If the security council fails to agree on new sanctions - which is likely, given Chinese and Russian objections - it would be exposed as a paper tiger. If, on the other hand, it works out a consensus on more economic, and possibly even military, punishment, the UN's credibility would depend on whether these moves produced Iranian compliance.
That, however, is unlikely. Tougher economic sanctions will not force Iran to comply; instead, sanctions will merely hit this oil- and gas-rich country's trading partners. More threats will only push the international community further along the spiral of escalation and, possibly, into military action.
There are those in Bush's entourage who would like nothing better. While even a major air attack would fall short of destroying all of Iran's nuclear installations and, moreover, leave the technical knowhow intact, it might at least slow down the programme for a while and serve as a warning to other potential proliferators.
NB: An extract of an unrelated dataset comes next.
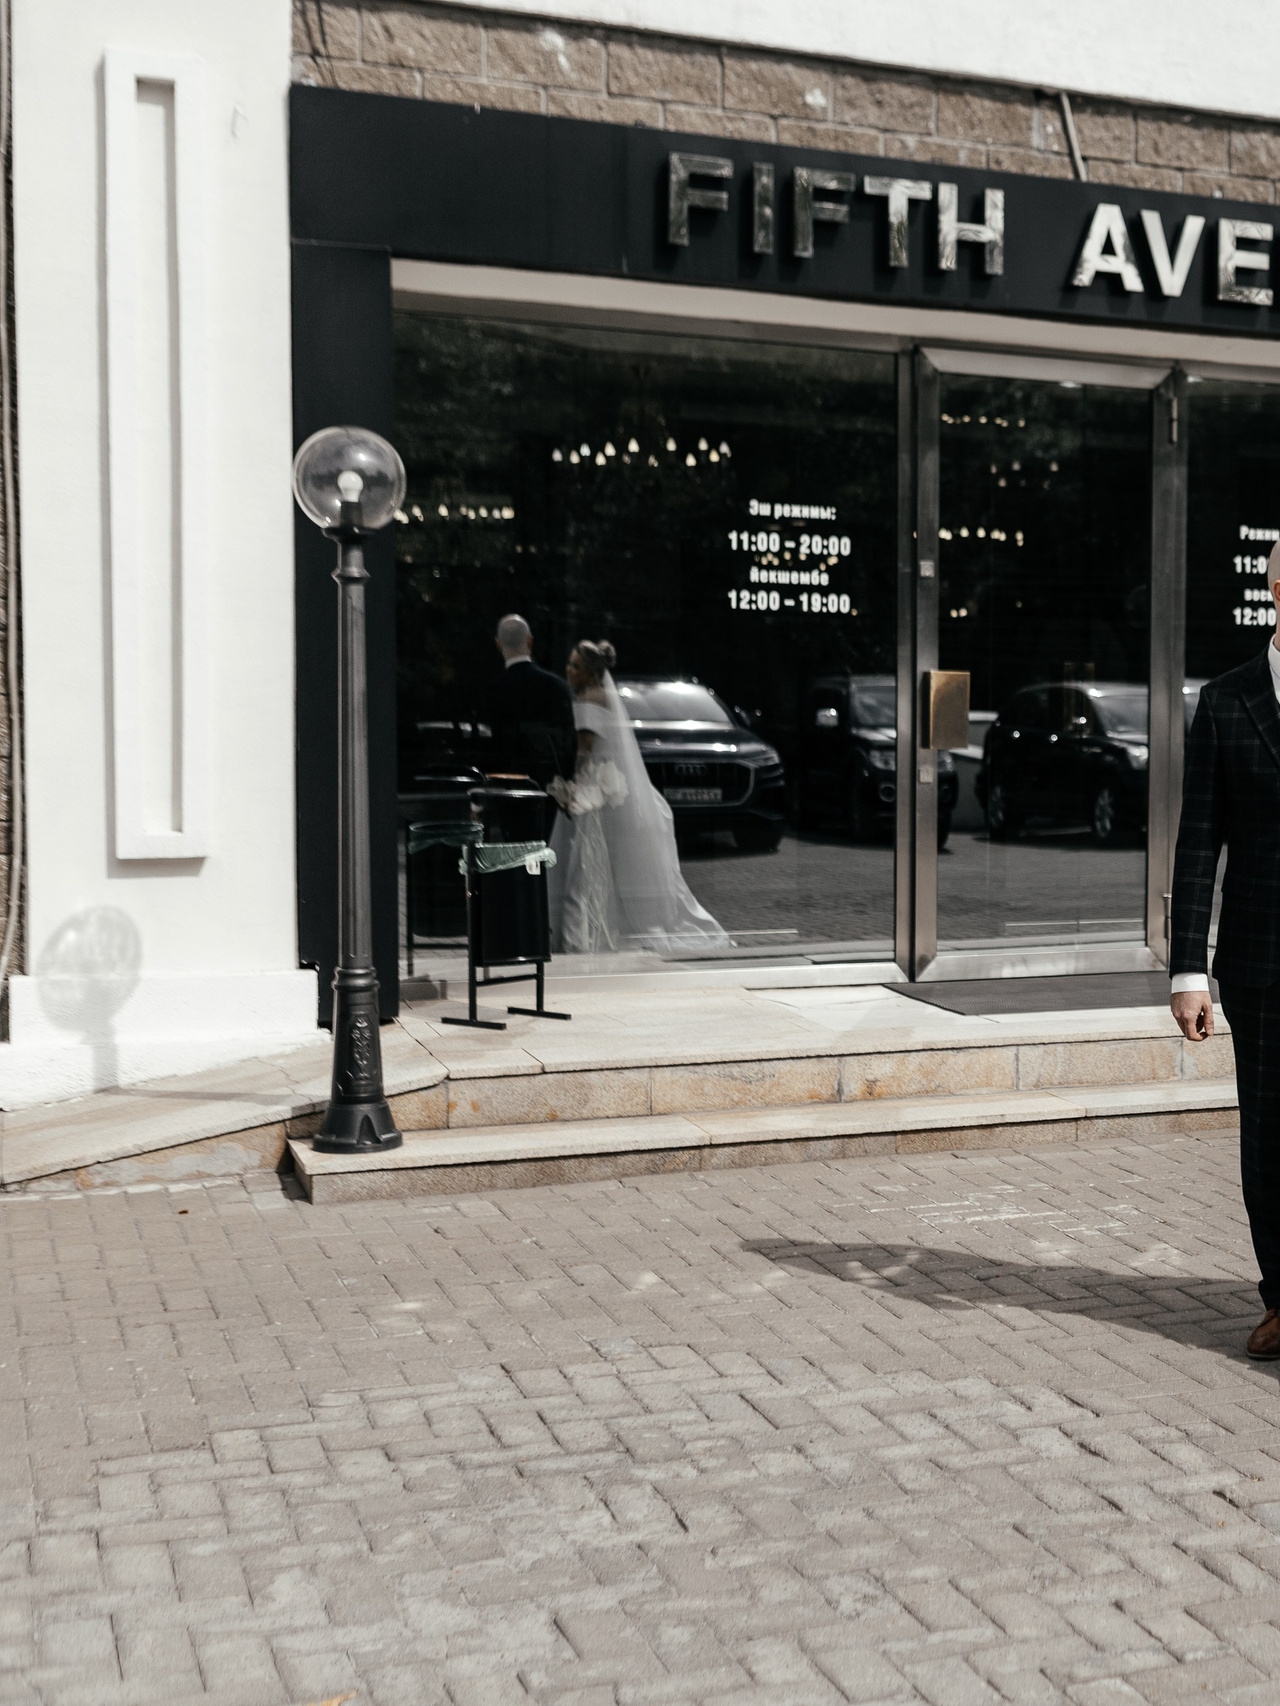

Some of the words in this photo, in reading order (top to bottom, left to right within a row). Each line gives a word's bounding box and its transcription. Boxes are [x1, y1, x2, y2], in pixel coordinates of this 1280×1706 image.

But it is a foolhardy gamble.
Today, Iran declares that it wants to observe the NPT and that it has no intention of building a nuclear bomb. After a military attack by the US, both promises would be history.
If the six governments want to avoid the escalation spiral and curb the proliferation dynamic, they need to change strategy and objective. Instead of making a halt to uranium enrichment the be all and end all of their effort, their central objective should be to subject the Iranian activities to as much verification as possible: if Iran wants to enrich, so be it, but it must accept intrusive international inspections.
This is a bargain the Iranians themselves have repeatedly hinted at. The six have refused because verification cannot provide an absolute guarantee against the diversion of some enriched uranium to military use. But as the superpowers learned in the cold war, the absence of airtight verification does not render inspections useless. They would still submit the Iranian programme to greater restrictions than is the case today. And such an agreement would open the way to a wider agreement between Iran and the west for cooperation and regional stability.
That is why the six should stop digging a deeper hole. Instead of formulating new sanctions for the UN security council, they should use the next few months to explore confidentially what level of restrictions, combined with verification, Iran would consider in exchange for undisputed enrichment.
By all means, the six should keep the option of more biting resolutions as an inducement to Iranian compromise. But those who now call on the security council to issue rapid condemnations of Iran's behaviour should keep two things in mind: they are unlikely to have any effect, and the US has already used such resolutions as a pretext for launching military action on its own.
Christoph Bertram was formerly director of the German Institute for International and Security Affairs in Berlin.